In one example, storage medium 1721 can be configured to include operating system 1723; application program 1725 such as a web browser application, a widget or gadget engine or another application; and data file 1727. Storage medium 1721 can store, for use by UE 1700, any of a variety of various operating systems or combinations of operating systems. For example, application program 1725 can include executable program instructions (also referred to as a computer program product) that, when executed by processor 1701, can configure UE 1700 to perform operations corresponding to various exemplary methods (e.g., procedures) described herein.
Storage medium 1721 can be configured to include a number of physical drive units, such as redundant array of independent disks (RAID), floppy disk drive, flash memory, USB flash drive, external hard disk drive, thumb drive, pen drive, key drive, high-density digital versatile disc (HD-DVD) optical disc drive, internal hard disk drive, Blu-Ray optical disc drive, holographic digital data storage (HDDS) optical disc drive, external mini-dual in-line memory module (DIMM), synchronous dynamic random access memory (SDRAM), external micro-DIMM SDRAM, smartcard memory such as a subscriber identity module or a removable user identity (SIM/RUIM) module, other memory, or any combination thereof. Storage medium 1721 can allow and/or facilitate UE 1700 to access computer-executable instructions, application programs or the like, stored on transitory or non-transitory memory media, to off-load data, or to upload data.
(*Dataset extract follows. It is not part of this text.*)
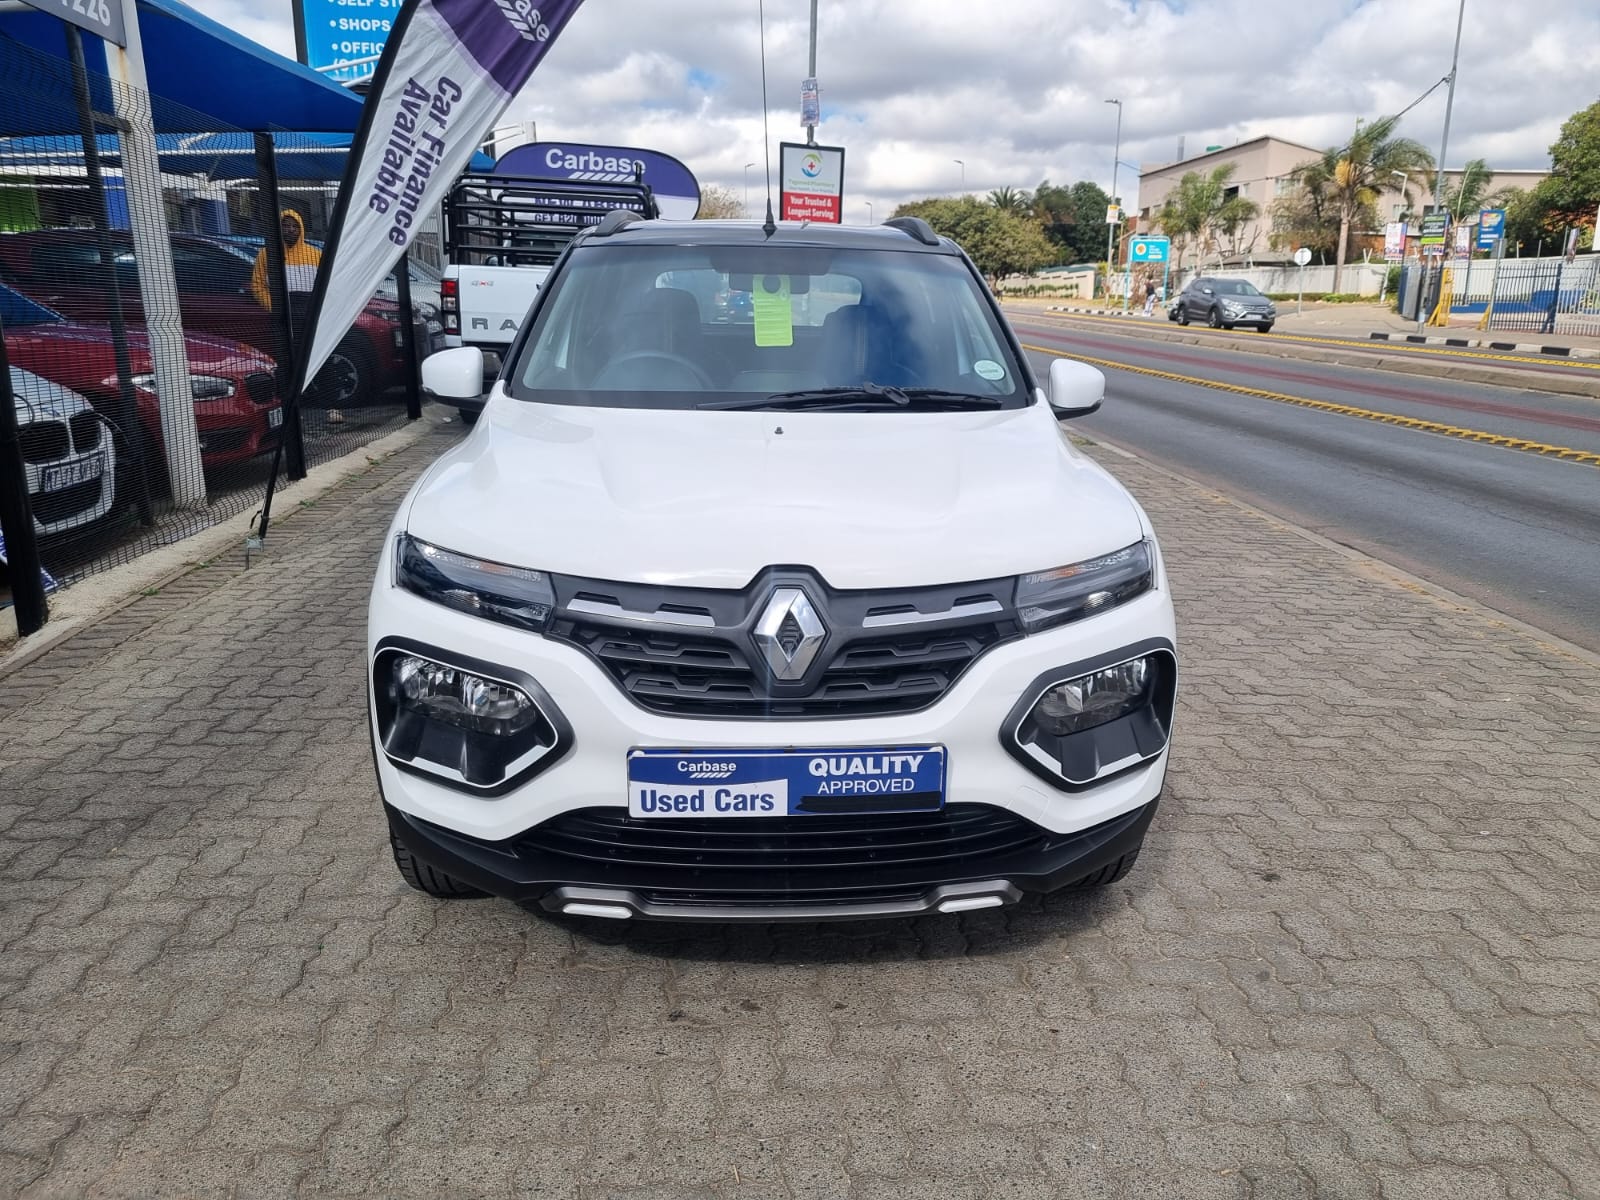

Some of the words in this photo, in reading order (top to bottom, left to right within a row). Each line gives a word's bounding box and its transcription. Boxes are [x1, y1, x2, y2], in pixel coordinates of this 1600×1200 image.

An article of manufacture, such as one utilizing a communication system can be tangibly embodied in storage medium 1721, which can comprise a device readable medium.
In
In the illustrated embodiment, the communication functions of communication subsystem 1731 can include data communication, voice communication, multimedia communication, short-range communications such as Bluetooth, near-field communication, location-based communication such as the use of the global positioning system (GPS) to determine a location, another like communication function, or any combination thereof. For example, communication subsystem 1731 can include cellular communication, Wi-Fi communication, Bluetooth communication, and GPS communication. Network 1743b can encompass wired and/or wireless networks such as a local-area network (LAN), a wide-area network (WAN), a computer network, a wireless network, a telecommunications network, another like network or any combination thereof. For example, network 1743b can be a cellular network, a Wi-Fi network, and/or a near-field network. Power source 1713 can be configured to provide alternating current (AC) or direct current (DC) power to components of UE 1700.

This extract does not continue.